English industrialist, chief executive and non-executive chairman

Sir Ian James Dudson is an English industrialist, chief executive and later non-executive chairman of the ceramics company Dudson in Stoke-on-Trent. He served as Lord Lieutenant of Staffordshire from 2012 to 2025.

==Life==
Dudson is a descendant of Richard Dudson, who founded the ceramics company Dudson in Hanley, Stoke-on-Trent, in 1800.

He graduated in General Science at the University of Dundee, and studied Ceramic Technology at North Staffordshire Polytechnic (now the University of Staffordshire). He joined Dudson in 1973, and from 1988 was chief executive. More recently he has held the position of non-executive chairman. He was appointed CBE in 2002, for services to the ceramic industry.
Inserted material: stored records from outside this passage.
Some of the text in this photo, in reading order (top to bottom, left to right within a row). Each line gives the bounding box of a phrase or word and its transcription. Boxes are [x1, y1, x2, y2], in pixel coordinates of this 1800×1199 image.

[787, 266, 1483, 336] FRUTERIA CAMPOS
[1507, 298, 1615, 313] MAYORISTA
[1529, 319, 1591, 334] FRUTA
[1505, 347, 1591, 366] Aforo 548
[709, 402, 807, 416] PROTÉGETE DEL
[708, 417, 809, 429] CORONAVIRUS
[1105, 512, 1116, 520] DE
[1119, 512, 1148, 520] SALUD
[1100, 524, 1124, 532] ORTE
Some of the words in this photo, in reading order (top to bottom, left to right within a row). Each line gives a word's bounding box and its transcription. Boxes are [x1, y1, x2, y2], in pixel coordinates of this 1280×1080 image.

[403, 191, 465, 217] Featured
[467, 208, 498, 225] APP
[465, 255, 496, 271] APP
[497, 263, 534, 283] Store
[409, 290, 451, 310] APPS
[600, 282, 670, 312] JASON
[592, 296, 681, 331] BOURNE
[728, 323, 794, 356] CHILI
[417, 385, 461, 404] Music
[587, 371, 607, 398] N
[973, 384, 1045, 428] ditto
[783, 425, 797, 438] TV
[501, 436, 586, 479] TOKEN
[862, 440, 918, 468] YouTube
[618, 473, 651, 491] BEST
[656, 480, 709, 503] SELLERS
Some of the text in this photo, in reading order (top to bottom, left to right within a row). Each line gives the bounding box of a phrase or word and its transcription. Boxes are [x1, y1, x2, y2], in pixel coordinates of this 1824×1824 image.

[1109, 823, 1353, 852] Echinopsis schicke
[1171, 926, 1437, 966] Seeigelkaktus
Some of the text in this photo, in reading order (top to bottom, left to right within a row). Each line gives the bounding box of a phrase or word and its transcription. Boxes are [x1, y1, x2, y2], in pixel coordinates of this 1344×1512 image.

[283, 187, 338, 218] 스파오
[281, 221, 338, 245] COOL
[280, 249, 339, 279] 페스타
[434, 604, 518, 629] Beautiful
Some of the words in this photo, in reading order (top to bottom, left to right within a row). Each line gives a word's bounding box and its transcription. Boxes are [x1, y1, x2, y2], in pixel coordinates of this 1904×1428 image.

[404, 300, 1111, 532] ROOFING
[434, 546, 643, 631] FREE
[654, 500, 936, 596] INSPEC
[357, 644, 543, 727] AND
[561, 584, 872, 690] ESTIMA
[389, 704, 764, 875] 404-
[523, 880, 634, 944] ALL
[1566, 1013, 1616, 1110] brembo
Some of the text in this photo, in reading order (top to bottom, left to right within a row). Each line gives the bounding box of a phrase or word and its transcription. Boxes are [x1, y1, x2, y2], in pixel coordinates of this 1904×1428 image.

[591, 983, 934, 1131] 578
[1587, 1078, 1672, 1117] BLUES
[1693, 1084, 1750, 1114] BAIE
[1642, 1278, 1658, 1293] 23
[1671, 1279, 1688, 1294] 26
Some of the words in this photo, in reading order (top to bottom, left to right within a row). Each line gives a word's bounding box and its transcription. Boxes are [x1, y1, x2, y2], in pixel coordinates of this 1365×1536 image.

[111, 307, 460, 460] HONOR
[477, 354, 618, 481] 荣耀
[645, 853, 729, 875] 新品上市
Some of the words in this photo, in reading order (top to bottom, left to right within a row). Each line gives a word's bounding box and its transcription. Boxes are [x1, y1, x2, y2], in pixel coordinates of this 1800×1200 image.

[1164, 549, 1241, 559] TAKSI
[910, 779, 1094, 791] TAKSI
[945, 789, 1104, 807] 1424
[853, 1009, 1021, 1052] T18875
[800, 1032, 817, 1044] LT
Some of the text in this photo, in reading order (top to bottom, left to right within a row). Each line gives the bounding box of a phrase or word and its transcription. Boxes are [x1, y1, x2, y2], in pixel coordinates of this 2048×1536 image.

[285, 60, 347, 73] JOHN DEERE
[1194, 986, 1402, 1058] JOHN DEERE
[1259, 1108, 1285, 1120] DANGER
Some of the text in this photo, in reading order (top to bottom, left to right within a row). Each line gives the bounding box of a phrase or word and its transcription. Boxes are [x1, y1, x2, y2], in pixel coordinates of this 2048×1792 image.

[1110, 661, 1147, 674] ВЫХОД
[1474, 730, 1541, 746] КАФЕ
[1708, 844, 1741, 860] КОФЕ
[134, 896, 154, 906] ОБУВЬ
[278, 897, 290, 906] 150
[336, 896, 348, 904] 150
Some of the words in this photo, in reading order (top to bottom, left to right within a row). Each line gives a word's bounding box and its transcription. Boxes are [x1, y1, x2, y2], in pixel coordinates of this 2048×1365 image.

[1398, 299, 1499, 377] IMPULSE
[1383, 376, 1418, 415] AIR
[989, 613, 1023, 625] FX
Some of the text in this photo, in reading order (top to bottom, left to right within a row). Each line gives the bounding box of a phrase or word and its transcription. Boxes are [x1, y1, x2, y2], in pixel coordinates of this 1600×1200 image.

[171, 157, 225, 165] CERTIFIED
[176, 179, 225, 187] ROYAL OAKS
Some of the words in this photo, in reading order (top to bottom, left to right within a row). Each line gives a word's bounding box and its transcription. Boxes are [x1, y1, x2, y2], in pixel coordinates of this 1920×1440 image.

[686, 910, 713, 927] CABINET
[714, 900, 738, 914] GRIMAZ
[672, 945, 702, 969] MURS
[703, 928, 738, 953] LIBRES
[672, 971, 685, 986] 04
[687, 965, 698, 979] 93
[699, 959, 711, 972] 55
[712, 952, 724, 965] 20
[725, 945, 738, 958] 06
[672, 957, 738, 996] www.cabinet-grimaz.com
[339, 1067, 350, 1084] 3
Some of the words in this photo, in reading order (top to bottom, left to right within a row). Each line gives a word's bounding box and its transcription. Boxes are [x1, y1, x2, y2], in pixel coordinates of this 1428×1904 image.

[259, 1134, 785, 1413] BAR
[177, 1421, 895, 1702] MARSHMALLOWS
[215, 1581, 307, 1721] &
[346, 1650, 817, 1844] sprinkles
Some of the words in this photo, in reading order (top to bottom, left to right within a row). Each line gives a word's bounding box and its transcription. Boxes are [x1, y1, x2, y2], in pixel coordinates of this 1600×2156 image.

He became a Deputy Lieutenant of Staffordshire in 2001, and from 2012 to 2025 served as Lord Lieutenant of Staffordshire. He was High Sheriff of Staffordshire for 2010–2011. He was Pro-Chancellor of Keele University and Chair of Council from 2005 to 2012.

Dudson was appointed in 2013 Commander of the Order of St John, in recognition of his contribution towards "strengthening the spirit of mankind", and in 2017 became a Knight of the Order of St John. In 2014 he was made Honorary Doctor of the University of Staffordshire.

He is Chair of the Trustees of the Dudson Centre, a community resource centre in Stoke-on-Trent for voluntary organisations.

He was made a Knight Commander of the Royal Victorian Order in the 2025 New Year Honours.